2010-10-20 Thread Paul Thornton
Hi,

On 19/10/2010 22:06, Julian Elischer wrote:
 Wireshark understands all the protocols in question so get packet
 captures of good and
 bad sessions (as similar as you can) and see what is different.
 (wireshark reads
 tcpdump files so it's easy to capture).

As is often the case, the packets on the wire start telling the story of
what is happening... still not sure about the why, but progress is being
made.  Thanks for that nudge.

With a Windows XP client (I know, it was nearby though) the following
things happen:

Server - Client  PPP CHAP Success (Welcome!! message).
Server - Client  PPP CCP config request
Server - Client  IPCP Config request (setting IP address of server end)
Client - Server  PPP CCP config request
- and they carry on here working fine -

With the Cisco client, things break at this point:
Server - Client  PPP CHAP Success (Welcome!! message).
Server - Client  PPP CCP Config request
Server - Client  IPCP Config Request (setting IP address of server end)
Client - Server  Termination request
Server - Client  Termination ack

So either that CCP request or the IPCP request is upsetting the Cisco.
However, even with its debugging fully on for PPP, it isn't clear why.
Initially, my server was requesting deflate compression and VJ
compression - so I disabled all compression options in ppp.conf but it
made no difference.  The tcpdumps were taken after compression was disabled.

The cisco config being used on the WAN interface and Dialer interface
for testing is as follows.  This is an 891 and so is an Ethernet WAN
port (no VDSL or other cable interface to add problems):

interface GigabitEthernet0
 no ip address
 ip accounting output-packets
 duplex auto
 speed auto
 pppoe enable group global
 pppoe-client dial-pool-number 1
 !
interface Dialer0
 description PPPoE dialer
 mtu 1492
 ip address negotiated
 no ip redirects
 no ip proxy-arp
 ip accounting output-packets
 encapsulation ppp
 ip tcp adjust-mss 1452
 dialer pool 1
 dialer-group 1
 ppp mtu adaptive
 ppp authentication chap callin optional
 ppp chap hostname vt123456...@vdsl01
 ppp chap password 0 LetMeIn123
 !
!
ip route 0.0.0.0 0.0.0.0 Dialer0
!
dialer-list 1 protocol ip permit
!


In terms of the routing, the route being added as a result of the
Framed-Route radius attribute does have the correct syntax.  For some
reason, it had failed to add the /29 route to the routing table in my
logs taken yesterday - although that now works fine.  That may still be
a potential issue but I don't think it is relevant now.
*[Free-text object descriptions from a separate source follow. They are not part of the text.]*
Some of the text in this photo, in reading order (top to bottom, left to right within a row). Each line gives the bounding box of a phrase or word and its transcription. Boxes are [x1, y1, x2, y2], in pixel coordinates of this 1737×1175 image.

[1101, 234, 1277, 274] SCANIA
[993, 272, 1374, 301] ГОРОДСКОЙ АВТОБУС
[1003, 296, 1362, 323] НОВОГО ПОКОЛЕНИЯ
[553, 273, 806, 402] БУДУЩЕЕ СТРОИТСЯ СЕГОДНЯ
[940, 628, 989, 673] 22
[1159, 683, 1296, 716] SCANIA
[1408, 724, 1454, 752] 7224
To describe what addresses are what (and two of these have changed since
yesterday as I was using some that were already occasionally used
elsewhere on the network):

WAN IP address of router: 217.65.167.128 /32 - set by RADIUS
Framed-IP-Address value.
LAN subnet of router: 217.65.167.160 /29 - set by RADIUS Framed-Route
value.  Router's LAN interface has 217.65.167.161/29.
IP address of PPPoE server's end of PPP link: 217.65.168.254

VLAN 1005 is just the access side; it has the clients attached to it and
has no IP address.  Everything happening on there is PPPoE only.  The
server has another interface which is network side that carries traffic
to and from the rest of the world.


 also for fun you might look at the documentation for running mpd.. I
 dont' remember if it
 can do a pppoe SERVER but I vaguely remember that it can.
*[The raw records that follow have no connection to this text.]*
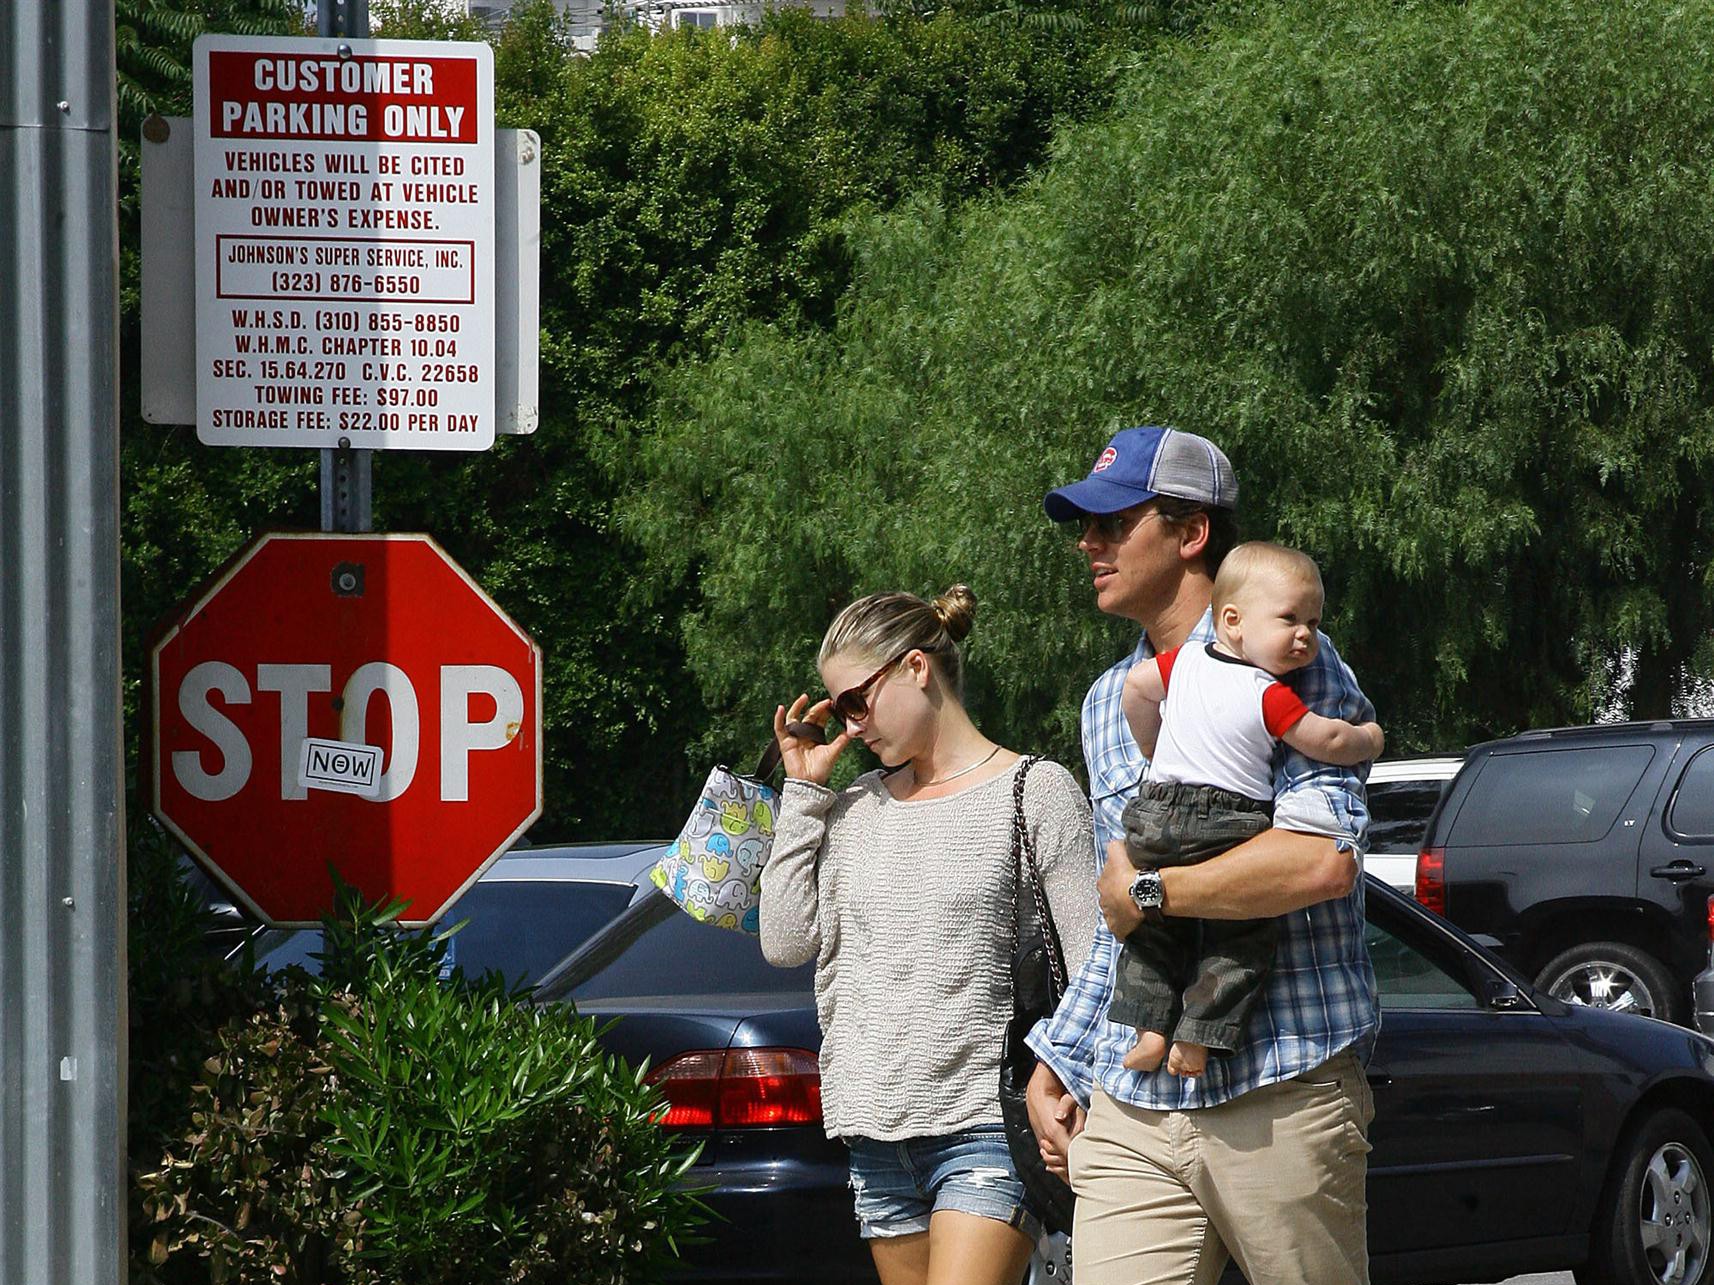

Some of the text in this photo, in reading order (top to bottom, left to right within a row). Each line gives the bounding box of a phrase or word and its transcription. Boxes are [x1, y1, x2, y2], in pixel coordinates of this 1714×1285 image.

[254, 58, 433, 94] CUSTOMER
[222, 101, 464, 138] PARKING ONLY
[225, 152, 464, 176] VEHICLES WILL BE CITED
[211, 179, 478, 203] AND/OR TOWED AT VEHICLE
[251, 207, 440, 230] OWNER'S EXPENSE.
[228, 245, 463, 270] JOHNSON'S SUPER SERVICE, INC.
[272, 271, 420, 293] (323) 876-6550
[232, 310, 460, 332] W.H.S.D. (310) 855-8850
[235, 335, 457, 357] W.H.M.C. CHAPTER 10.04
[213, 360, 479, 383] SEC. 15.64.270 C.V.C. 22658
[254, 386, 438, 407] TOWING FEE: $97.00
[213, 410, 479, 432] STORAGE FEE: $22.00 PER DAY
[172, 661, 524, 802] STOP
[312, 750, 371, 778] NOW
I did once try mpd in the past - I remember it being hard to find any
decent documentation for it; especially around PPPoE as a server.  It
looks very flexible as an option so I may have another crack at it if I
can't make the standard ppp work.  Does anyone know of any good howto
for mpd and pppoe servers?  My google skills have lacked severely so far.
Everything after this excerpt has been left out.